__Dataset__:

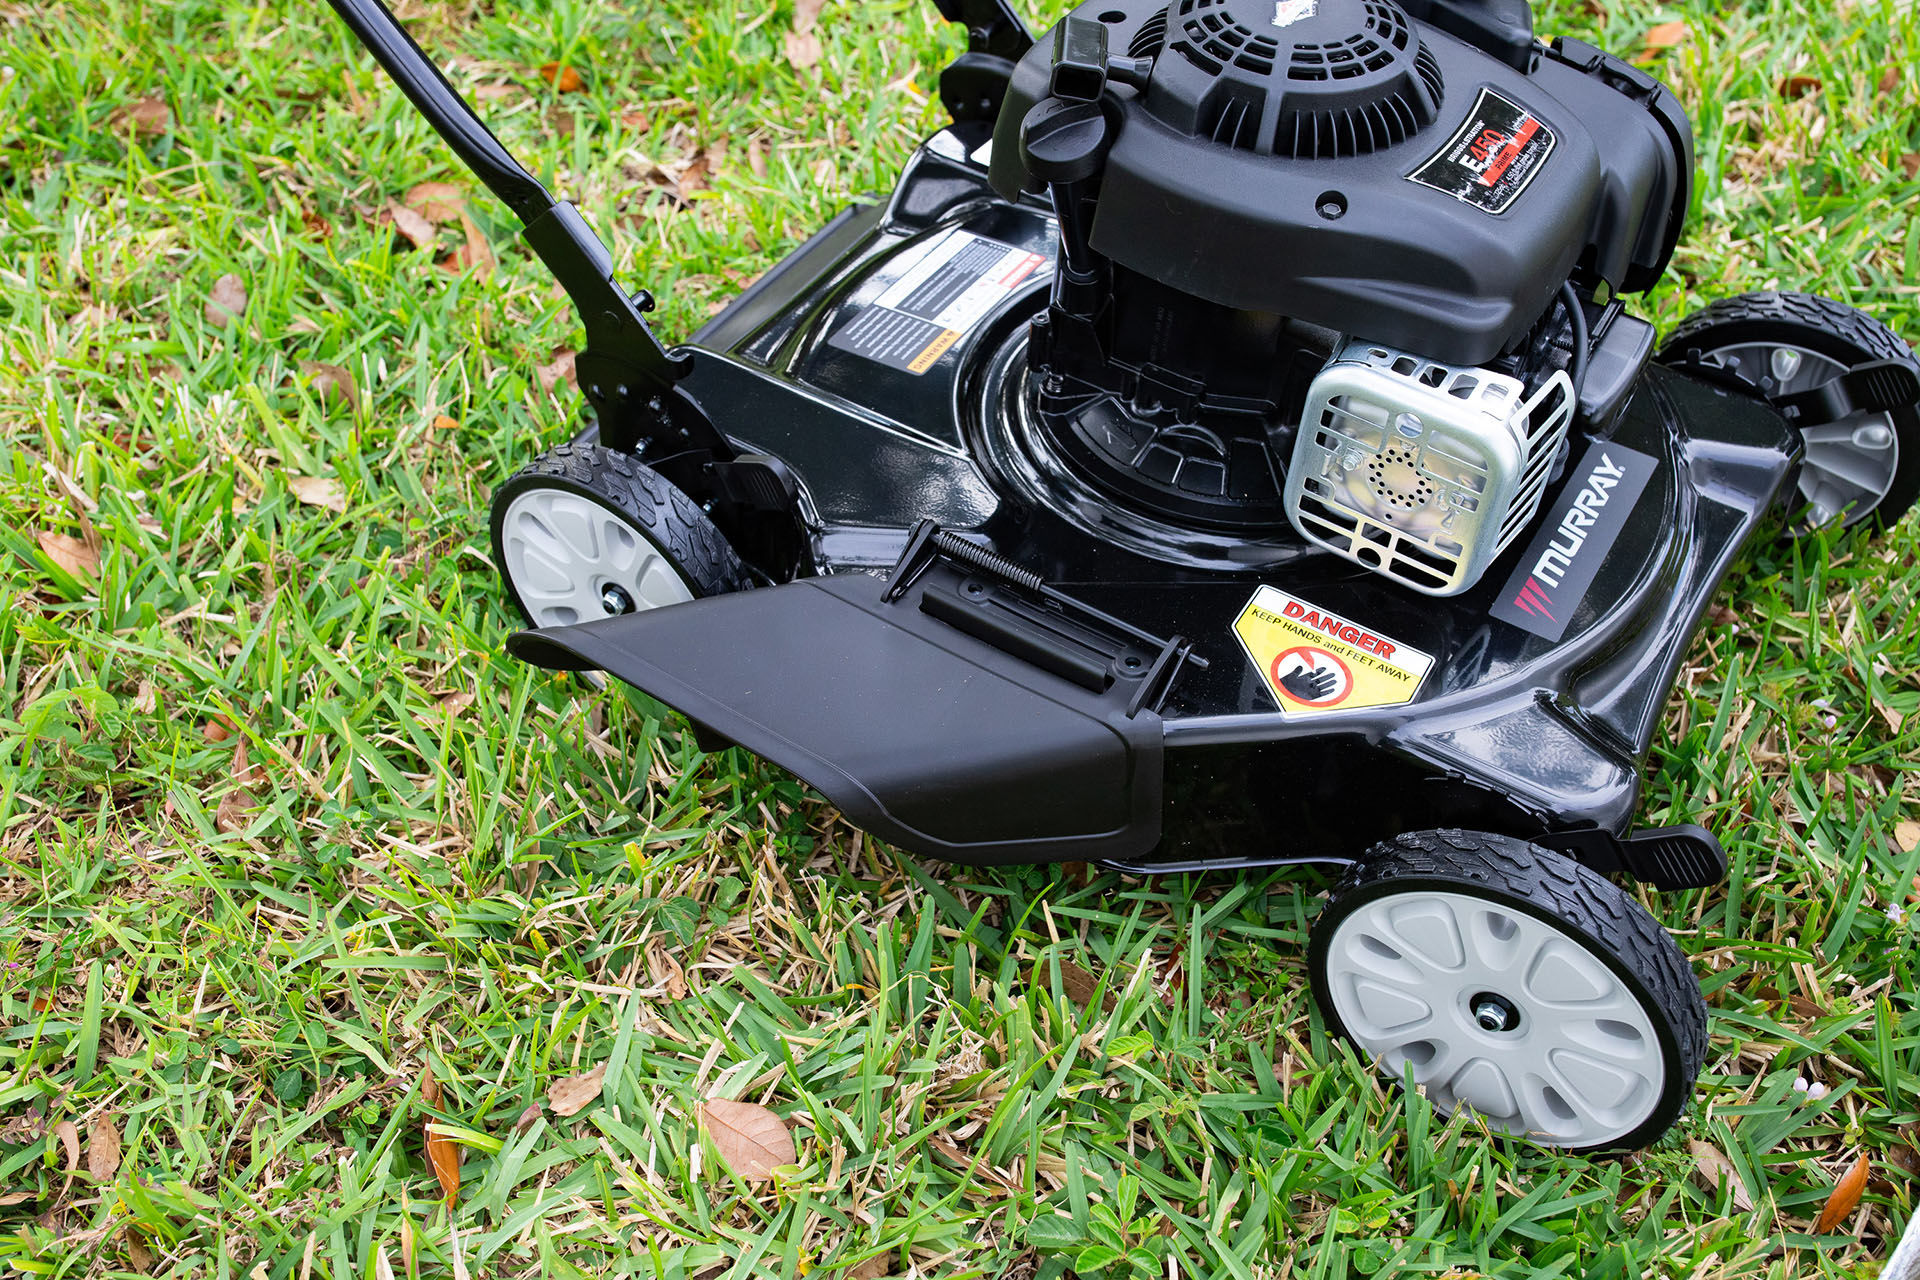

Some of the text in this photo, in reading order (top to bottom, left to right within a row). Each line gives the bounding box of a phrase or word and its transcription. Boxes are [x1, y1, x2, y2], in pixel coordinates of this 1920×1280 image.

[1495, 151, 1513, 170] PRIME
[913, 337, 949, 370] WARNING
[1531, 452, 1625, 589] MURRAY
[1251, 608, 1411, 682] KEEP HANDS and FEET AWAY
[1282, 600, 1397, 660] DANGER
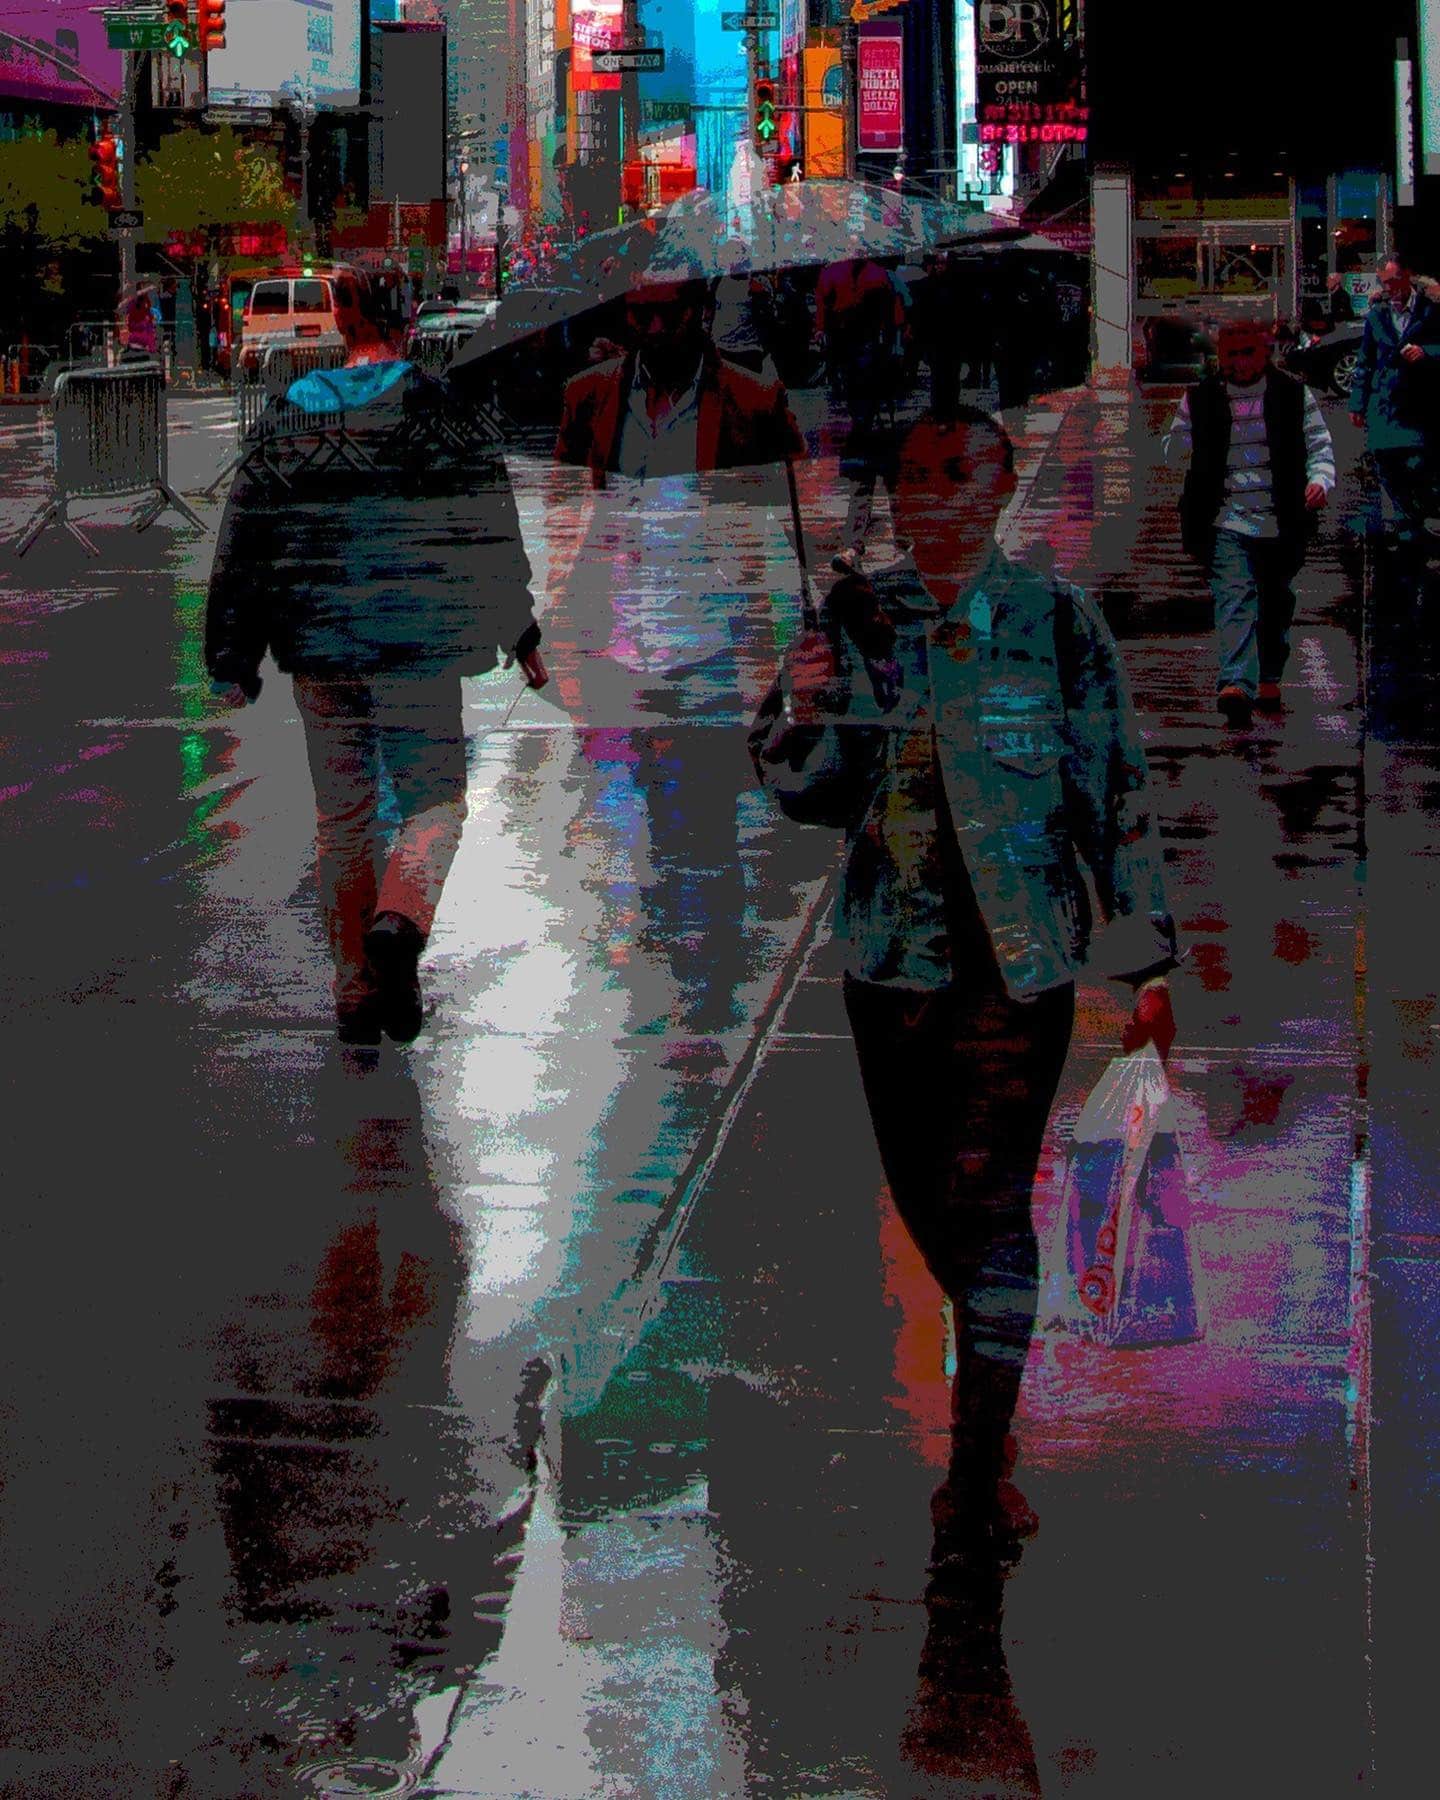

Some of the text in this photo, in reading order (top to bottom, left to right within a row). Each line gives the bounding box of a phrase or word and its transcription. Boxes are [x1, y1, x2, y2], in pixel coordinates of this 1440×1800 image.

[130, 29, 143, 43] W
[574, 22, 611, 40] STELLA
[572, 32, 610, 49] ARTOIS
[602, 54, 654, 66] ONE WAY
[862, 69, 897, 78] BETTE
[860, 79, 899, 89] MIDLER
[994, 80, 1037, 95] OPEN
[862, 101, 897, 112] DOLLY!
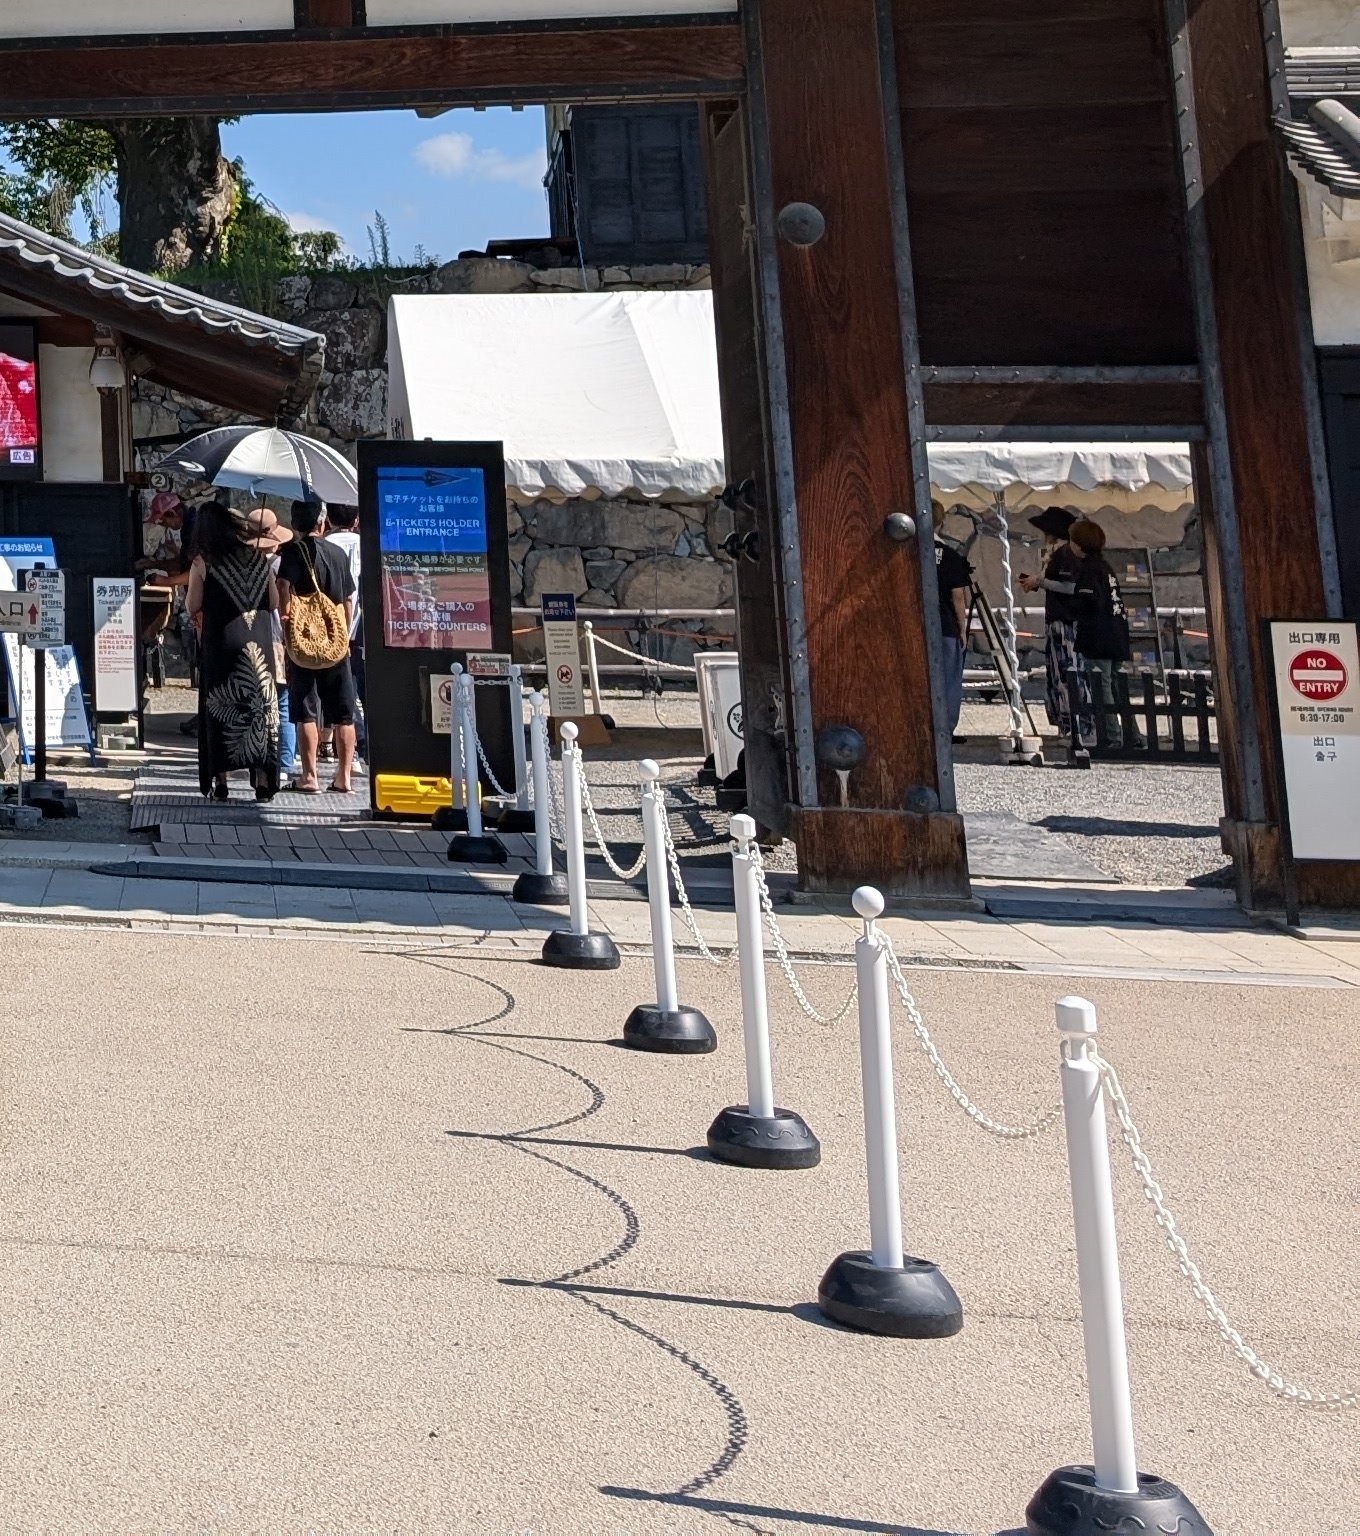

__Aim of the exercise__: Leaving the images out, retype all the material above exactly.

__Finished task__:
Some of the text in this photo, in reading order (top to bottom, left to right within a row). Each line gives the bounding box of a phrase or word and its transcription. Boxes are [x1, y1, x2, y2], in pixel coordinates of this 1920×1280 image.

[1495, 151, 1513, 170] PRIME
[913, 337, 949, 370] WARNING
[1531, 452, 1625, 589] MURRAY
[1251, 608, 1411, 682] KEEP HANDS and FEET AWAY
[1282, 600, 1397, 660] DANGER

Some of the text in this photo, in reading order (top to bottom, left to right within a row). Each line gives the bounding box of a phrase or word and its transcription. Boxes are [x1, y1, x2, y2], in pixel coordinates of this 1440×1800 image.

[130, 29, 143, 43] W
[574, 22, 611, 40] STELLA
[572, 32, 610, 49] ARTOIS
[602, 54, 654, 66] ONE WAY
[862, 69, 897, 78] BETTE
[860, 79, 899, 89] MIDLER
[994, 80, 1037, 95] OPEN
[862, 101, 897, 112] DOLLY!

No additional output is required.